REQUIRED ACTION => Repeat the entries that follow, exactly as they are written.

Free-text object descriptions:

---*---

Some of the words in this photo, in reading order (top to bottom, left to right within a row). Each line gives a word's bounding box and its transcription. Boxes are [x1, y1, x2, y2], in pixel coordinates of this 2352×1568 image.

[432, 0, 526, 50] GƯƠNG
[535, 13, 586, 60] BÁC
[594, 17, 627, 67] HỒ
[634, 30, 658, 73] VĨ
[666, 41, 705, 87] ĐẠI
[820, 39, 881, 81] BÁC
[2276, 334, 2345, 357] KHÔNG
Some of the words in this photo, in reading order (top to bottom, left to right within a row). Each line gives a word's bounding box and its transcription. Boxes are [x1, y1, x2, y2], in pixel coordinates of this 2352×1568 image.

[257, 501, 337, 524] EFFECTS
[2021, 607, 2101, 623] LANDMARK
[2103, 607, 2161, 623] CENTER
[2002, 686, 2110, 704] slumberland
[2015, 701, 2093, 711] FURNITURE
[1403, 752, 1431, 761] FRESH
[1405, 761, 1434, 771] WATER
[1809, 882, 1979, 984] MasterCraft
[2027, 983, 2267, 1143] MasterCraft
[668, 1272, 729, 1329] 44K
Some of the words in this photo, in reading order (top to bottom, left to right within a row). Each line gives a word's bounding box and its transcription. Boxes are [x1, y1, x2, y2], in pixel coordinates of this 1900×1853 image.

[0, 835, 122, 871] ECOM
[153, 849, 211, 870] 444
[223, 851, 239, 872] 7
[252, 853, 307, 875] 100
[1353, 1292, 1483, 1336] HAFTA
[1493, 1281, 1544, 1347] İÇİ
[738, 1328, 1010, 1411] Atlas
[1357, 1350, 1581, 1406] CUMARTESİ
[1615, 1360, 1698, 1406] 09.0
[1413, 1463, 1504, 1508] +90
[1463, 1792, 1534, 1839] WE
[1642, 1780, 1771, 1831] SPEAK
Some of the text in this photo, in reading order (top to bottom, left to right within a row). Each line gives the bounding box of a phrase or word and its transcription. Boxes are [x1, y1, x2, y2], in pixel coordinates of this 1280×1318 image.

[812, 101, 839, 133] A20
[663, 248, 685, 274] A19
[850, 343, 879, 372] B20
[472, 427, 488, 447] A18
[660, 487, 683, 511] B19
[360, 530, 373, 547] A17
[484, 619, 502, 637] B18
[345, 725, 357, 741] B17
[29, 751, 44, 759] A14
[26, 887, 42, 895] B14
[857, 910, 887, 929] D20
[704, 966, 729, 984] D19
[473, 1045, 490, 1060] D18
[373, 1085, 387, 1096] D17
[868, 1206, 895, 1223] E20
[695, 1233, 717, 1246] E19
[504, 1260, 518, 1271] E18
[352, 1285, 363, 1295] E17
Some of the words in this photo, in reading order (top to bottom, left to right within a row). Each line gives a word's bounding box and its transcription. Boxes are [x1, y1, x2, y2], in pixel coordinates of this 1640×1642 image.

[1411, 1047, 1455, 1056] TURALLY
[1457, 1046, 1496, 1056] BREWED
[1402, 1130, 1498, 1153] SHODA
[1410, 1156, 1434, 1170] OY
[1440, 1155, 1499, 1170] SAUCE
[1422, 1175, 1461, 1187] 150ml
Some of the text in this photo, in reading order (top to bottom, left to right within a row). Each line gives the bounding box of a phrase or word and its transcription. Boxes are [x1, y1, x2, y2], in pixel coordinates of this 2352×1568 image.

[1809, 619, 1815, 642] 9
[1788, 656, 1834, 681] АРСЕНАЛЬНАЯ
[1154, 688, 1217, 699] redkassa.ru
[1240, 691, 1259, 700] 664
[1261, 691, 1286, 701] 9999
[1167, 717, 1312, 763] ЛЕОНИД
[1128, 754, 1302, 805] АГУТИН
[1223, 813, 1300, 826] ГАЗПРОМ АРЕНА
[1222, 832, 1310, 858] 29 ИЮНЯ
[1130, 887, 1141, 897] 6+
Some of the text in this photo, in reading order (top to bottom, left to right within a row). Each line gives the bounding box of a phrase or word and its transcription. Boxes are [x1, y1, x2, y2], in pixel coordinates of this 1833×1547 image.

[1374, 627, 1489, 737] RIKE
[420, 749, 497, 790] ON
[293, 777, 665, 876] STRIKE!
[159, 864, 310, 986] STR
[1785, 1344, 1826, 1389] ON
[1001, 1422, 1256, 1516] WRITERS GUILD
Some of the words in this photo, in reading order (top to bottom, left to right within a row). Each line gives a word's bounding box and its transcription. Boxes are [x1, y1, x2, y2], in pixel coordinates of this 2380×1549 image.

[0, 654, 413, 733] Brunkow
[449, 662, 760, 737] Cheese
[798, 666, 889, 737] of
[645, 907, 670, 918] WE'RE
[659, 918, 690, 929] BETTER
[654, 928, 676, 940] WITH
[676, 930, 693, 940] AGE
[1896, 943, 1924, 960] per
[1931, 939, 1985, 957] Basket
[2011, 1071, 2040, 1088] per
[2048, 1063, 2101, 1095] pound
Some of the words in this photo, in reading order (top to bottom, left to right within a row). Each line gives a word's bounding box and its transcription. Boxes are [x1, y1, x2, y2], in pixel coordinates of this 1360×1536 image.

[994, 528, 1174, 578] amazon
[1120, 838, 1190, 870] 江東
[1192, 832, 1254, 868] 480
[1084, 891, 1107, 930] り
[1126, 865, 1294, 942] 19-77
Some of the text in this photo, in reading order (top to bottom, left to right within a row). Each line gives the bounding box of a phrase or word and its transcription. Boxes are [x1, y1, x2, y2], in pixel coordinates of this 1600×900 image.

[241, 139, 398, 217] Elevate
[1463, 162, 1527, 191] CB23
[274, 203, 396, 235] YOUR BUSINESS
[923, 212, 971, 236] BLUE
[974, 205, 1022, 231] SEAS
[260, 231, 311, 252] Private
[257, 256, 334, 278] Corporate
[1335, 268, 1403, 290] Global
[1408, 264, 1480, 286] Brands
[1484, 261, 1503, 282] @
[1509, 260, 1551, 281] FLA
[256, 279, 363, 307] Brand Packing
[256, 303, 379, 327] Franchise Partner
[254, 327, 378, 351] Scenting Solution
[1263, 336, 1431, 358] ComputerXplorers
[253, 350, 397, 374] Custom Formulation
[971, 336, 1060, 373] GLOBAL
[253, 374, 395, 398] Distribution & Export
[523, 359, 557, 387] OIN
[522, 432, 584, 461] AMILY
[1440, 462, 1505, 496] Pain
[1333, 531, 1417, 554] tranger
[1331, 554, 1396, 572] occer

---*---

EXERCISE RESULT =>
Some of the words in this photo, in reading order (top to bottom, left to right within a row). Each line gives a word's bounding box and its transcription. Boxes are [x1, y1, x2, y2], in pixel coordinates of this 2352×1568 image.

[432, 0, 526, 50] GƯƠNG
[535, 13, 586, 60] BÁC
[594, 17, 627, 67] HỒ
[634, 30, 658, 73] VĨ
[666, 41, 705, 87] ĐẠI
[820, 39, 881, 81] BÁC
[2276, 334, 2345, 357] KHÔNG
Some of the words in this photo, in reading order (top to bottom, left to right within a row). Each line gives a word's bounding box and its transcription. Boxes are [x1, y1, x2, y2], in pixel coordinates of this 2352×1568 image.

[257, 501, 337, 524] EFFECTS
[2021, 607, 2101, 623] LANDMARK
[2103, 607, 2161, 623] CENTER
[2002, 686, 2110, 704] slumberland
[2015, 701, 2093, 711] FURNITURE
[1403, 752, 1431, 761] FRESH
[1405, 761, 1434, 771] WATER
[1809, 882, 1979, 984] MasterCraft
[2027, 983, 2267, 1143] MasterCraft
[668, 1272, 729, 1329] 44K
Some of the words in this photo, in reading order (top to bottom, left to right within a row). Each line gives a word's bounding box and its transcription. Boxes are [x1, y1, x2, y2], in pixel coordinates of this 1900×1853 image.

[0, 835, 122, 871] ECOM
[153, 849, 211, 870] 444
[223, 851, 239, 872] 7
[252, 853, 307, 875] 100
[1353, 1292, 1483, 1336] HAFTA
[1493, 1281, 1544, 1347] İÇİ
[738, 1328, 1010, 1411] Atlas
[1357, 1350, 1581, 1406] CUMARTESİ
[1615, 1360, 1698, 1406] 09.0
[1413, 1463, 1504, 1508] +90
[1463, 1792, 1534, 1839] WE
[1642, 1780, 1771, 1831] SPEAK
Some of the text in this photo, in reading order (top to bottom, left to right within a row). Each line gives the bounding box of a phrase or word and its transcription. Boxes are [x1, y1, x2, y2], in pixel coordinates of this 1280×1318 image.

[812, 101, 839, 133] A20
[663, 248, 685, 274] A19
[850, 343, 879, 372] B20
[472, 427, 488, 447] A18
[660, 487, 683, 511] B19
[360, 530, 373, 547] A17
[484, 619, 502, 637] B18
[345, 725, 357, 741] B17
[29, 751, 44, 759] A14
[26, 887, 42, 895] B14
[857, 910, 887, 929] D20
[704, 966, 729, 984] D19
[473, 1045, 490, 1060] D18
[373, 1085, 387, 1096] D17
[868, 1206, 895, 1223] E20
[695, 1233, 717, 1246] E19
[504, 1260, 518, 1271] E18
[352, 1285, 363, 1295] E17
Some of the words in this photo, in reading order (top to bottom, left to right within a row). Each line gives a word's bounding box and its transcription. Boxes are [x1, y1, x2, y2], in pixel coordinates of this 1640×1642 image.

[1411, 1047, 1455, 1056] TURALLY
[1457, 1046, 1496, 1056] BREWED
[1402, 1130, 1498, 1153] SHODA
[1410, 1156, 1434, 1170] OY
[1440, 1155, 1499, 1170] SAUCE
[1422, 1175, 1461, 1187] 150ml
Some of the text in this photo, in reading order (top to bottom, left to right within a row). Each line gives the bounding box of a phrase or word and its transcription. Boxes are [x1, y1, x2, y2], in pixel coordinates of this 2352×1568 image.

[1809, 619, 1815, 642] 9
[1788, 656, 1834, 681] АРСЕНАЛЬНАЯ
[1154, 688, 1217, 699] redkassa.ru
[1240, 691, 1259, 700] 664
[1261, 691, 1286, 701] 9999
[1167, 717, 1312, 763] ЛЕОНИД
[1128, 754, 1302, 805] АГУТИН
[1223, 813, 1300, 826] ГАЗПРОМ АРЕНА
[1222, 832, 1310, 858] 29 ИЮНЯ
[1130, 887, 1141, 897] 6+
Some of the text in this photo, in reading order (top to bottom, left to right within a row). Each line gives the bounding box of a phrase or word and its transcription. Boxes are [x1, y1, x2, y2], in pixel coordinates of this 1833×1547 image.

[1374, 627, 1489, 737] RIKE
[420, 749, 497, 790] ON
[293, 777, 665, 876] STRIKE!
[159, 864, 310, 986] STR
[1785, 1344, 1826, 1389] ON
[1001, 1422, 1256, 1516] WRITERS GUILD
Some of the words in this photo, in reading order (top to bottom, left to right within a row). Each line gives a word's bounding box and its transcription. Boxes are [x1, y1, x2, y2], in pixel coordinates of this 2380×1549 image.

[0, 654, 413, 733] Brunkow
[449, 662, 760, 737] Cheese
[798, 666, 889, 737] of
[645, 907, 670, 918] WE'RE
[659, 918, 690, 929] BETTER
[654, 928, 676, 940] WITH
[676, 930, 693, 940] AGE
[1896, 943, 1924, 960] per
[1931, 939, 1985, 957] Basket
[2011, 1071, 2040, 1088] per
[2048, 1063, 2101, 1095] pound
Some of the words in this photo, in reading order (top to bottom, left to right within a row). Each line gives a word's bounding box and its transcription. Boxes are [x1, y1, x2, y2], in pixel coordinates of this 1360×1536 image.

[994, 528, 1174, 578] amazon
[1120, 838, 1190, 870] 江東
[1192, 832, 1254, 868] 480
[1084, 891, 1107, 930] り
[1126, 865, 1294, 942] 19-77
Some of the text in this photo, in reading order (top to bottom, left to right within a row). Each line gives the bounding box of a phrase or word and its transcription. Boxes are [x1, y1, x2, y2], in pixel coordinates of this 1600×900 image.

[241, 139, 398, 217] Elevate
[1463, 162, 1527, 191] CB23
[274, 203, 396, 235] YOUR BUSINESS
[923, 212, 971, 236] BLUE
[974, 205, 1022, 231] SEAS
[260, 231, 311, 252] Private
[257, 256, 334, 278] Corporate
[1335, 268, 1403, 290] Global
[1408, 264, 1480, 286] Brands
[1484, 261, 1503, 282] @
[1509, 260, 1551, 281] FLA
[256, 279, 363, 307] Brand Packing
[256, 303, 379, 327] Franchise Partner
[254, 327, 378, 351] Scenting Solution
[1263, 336, 1431, 358] ComputerXplorers
[253, 350, 397, 374] Custom Formulation
[971, 336, 1060, 373] GLOBAL
[253, 374, 395, 398] Distribution & Export
[523, 359, 557, 387] OIN
[522, 432, 584, 461] AMILY
[1440, 462, 1505, 496] Pain
[1333, 531, 1417, 554] tranger
[1331, 554, 1396, 572] occer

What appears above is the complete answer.